Google has a new public policy blog, and in an interesting post, Andrew McLaughlin (their Director of Public Policy and Government Affairs) notes a story now circulating – that Google has been having

fairly quiet discussions …with various parts of the U.S. government, including the Departments of State and Commerce, the Office of the U.S. Trade Representative, and various House and Senate committees.

in which Google has been making the case that ‘For Google, it is fair to say that censorship constitutes the single greatest trade barrier we currently face’, and that:

Just as the U.S. government has, in decades past, utilized its trade negotiation powers to advance the interests of other U.S. industries, we would like to see the federal government take to heart the interests of the information industries and treat the elimination of unwarranted censorship as a central objective of our bilateral and multilateral trade agendas in the years to come.

This has of course elicited some of the expected critiques – ‘how can Google say this when it actively collaborates with censorship in foreign countries’. Personally, I think that’s a pointless and ill-considered criticism – Google might well be censoring now – because, oh, it has to under the laws of the countries where it operates. That doesn’t prevent it actively trying to break down the censorship rules so it can stop complying with them.

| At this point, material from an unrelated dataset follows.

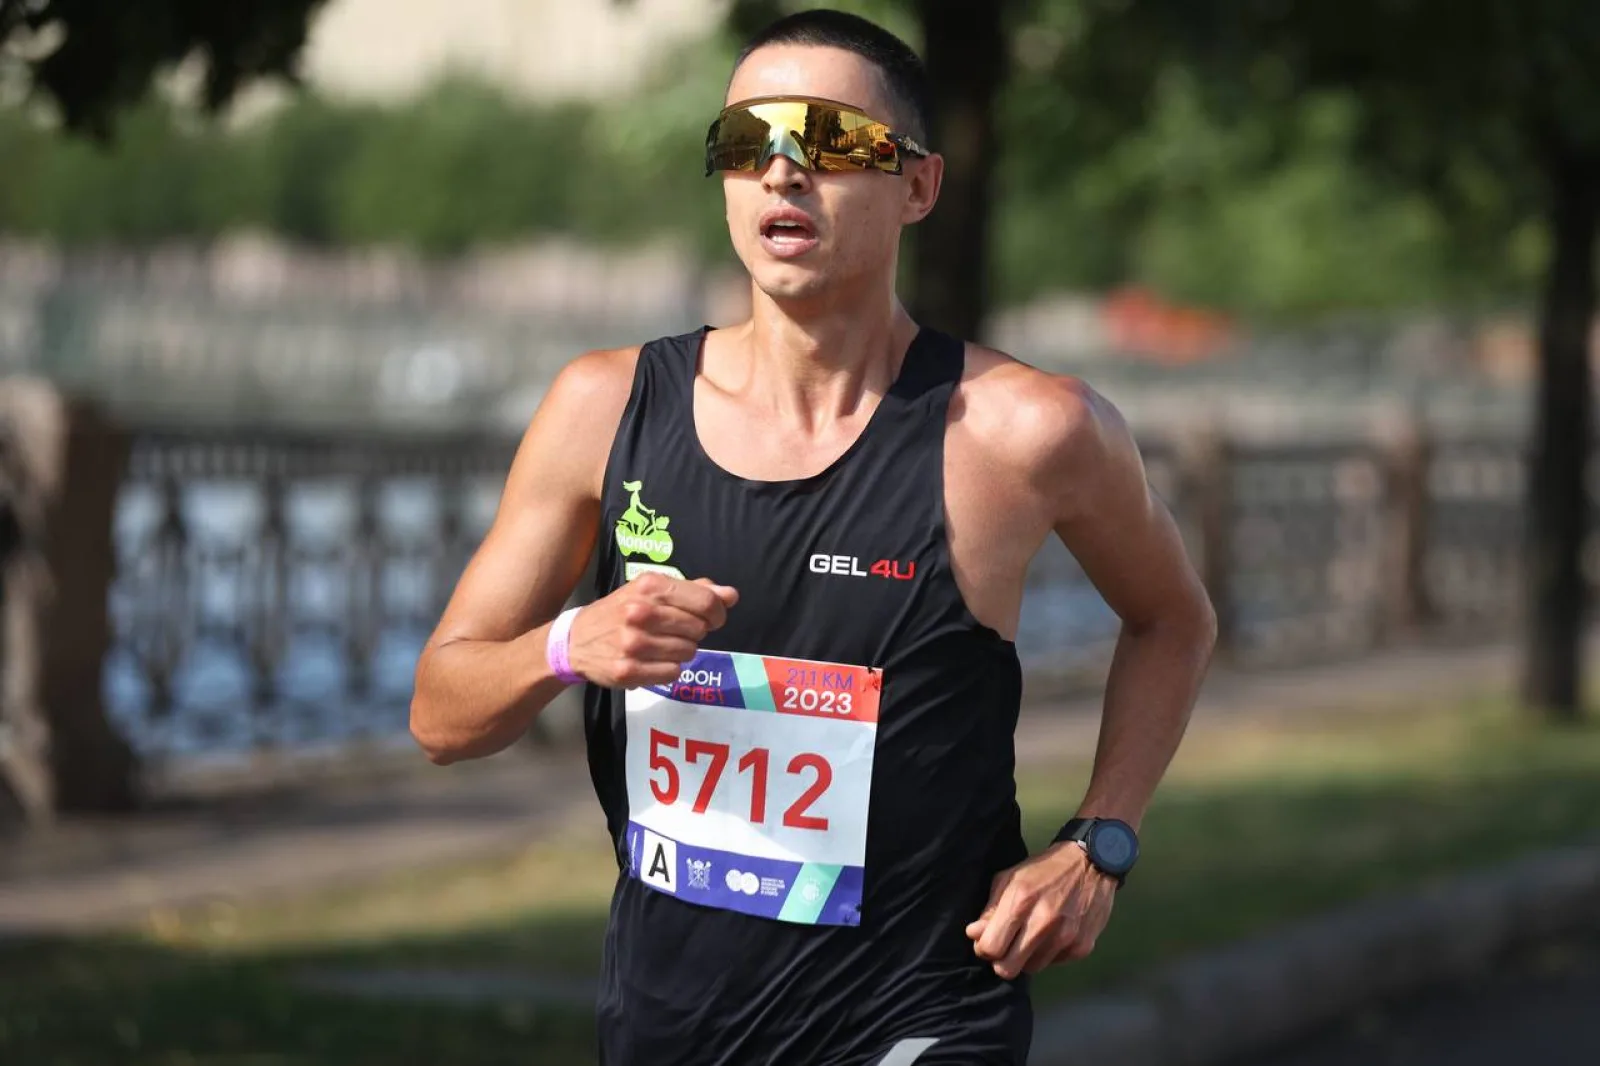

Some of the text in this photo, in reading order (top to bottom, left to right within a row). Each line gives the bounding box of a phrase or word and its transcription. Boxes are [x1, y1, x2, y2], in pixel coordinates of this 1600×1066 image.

[679, 669, 722, 687] ФОН
[783, 686, 852, 715] 2023
[649, 727, 832, 831] 5712

I think there’s more serious criticisms that need to be borne in mind by Google when it makes this argument about injecting its concerns into bilateral trade negotiations. As someone who is based in Australia – a country that has had a bilateral trade negotiation with the US – I find the idea of the US injecting even more policy issues outside immediate trade issues into its FTAs a bit offensive. I know, from the Australian experience, what this means. And that is, that good as the intention might be, it is likely to become seriously perverted by the USTR and trade negotiation process. I hope (in the spirit of constructive criticism) that Google gives serious thought to whether this can work as it might hope, even in the most hospitable environment.

The US process of bilateral trade negotiations goes something like this. Congress sets the trade objectives that USTR must pursue – in law, when it passes Trade Promotion Authority (see, US Trade Act of 2002). USTR pursues those through a series of bilateral negotiations. The USTR method is to develop ‘standard form’ text, a bit like a standard form contract. That standard text is put to each trade partner, basically on a take it or leave it basis: you want trade agreement with us? You accept all these Chapters on all of these areas. Even though they delve deep into your domestic policy-making process. Even if they are inconsistent with your current laws. And no, we (the USTR) are not going to bother thinking about the details of your law or whether the interests we are promoting are already protected by your law.

In practice, the USTR is in a poor position to make assessments about whether new rules are required in the partner country, or whether rules, in the preferred US-model shape, are a good idea. The perfectly understandable aim of USTR is to get an agreement, which will pass through Congress. To achieve that aim, they tend to put in detailed rules that will please members of Congress and lobbyists in the US. Of course, I’m thinking of the way that US copyright and IP laws were imposed on Australia – which already had an advanced, copyright-protective system in place. Such rules are not necessarily going to work in the recipient country, which will have different legal traditions.

Remember too, that this process tends to lead to a political reaction within the trade partner. The AUSFTA has engendered lasting criticism in Australia because of the way it interfered with domestic policy in all kinds of different areas where the USTR saw ‘trade barriers’. This has fed anti-US sentiment here in Australia – and continues to do so. Similar reactions have been seen all over the world.

Now, this is not to criticise the aim of promoting free speech. I am just not convinced that these ‘good aims’ won’t become seriously warped in the USTR and trade negotiating process, and won’t end up imposing US rules ‘wholesale’ into other countries’ legal systems without regard to how they will work in practice. And even though I support the protection of free speech, and would like to see more protection of free speech in Australia, i would hate to see it imposed by the US, in a way that leads to political resistance here and lip-service implementation. The method is flawed, and I oppose its use in any context. Until I am convinced that this method can achieve good, worthwhile ends, I would hesitate to favourably view any attempt, by Google or anyone else, to start injecting free speech rules into bilateral trade negotiations.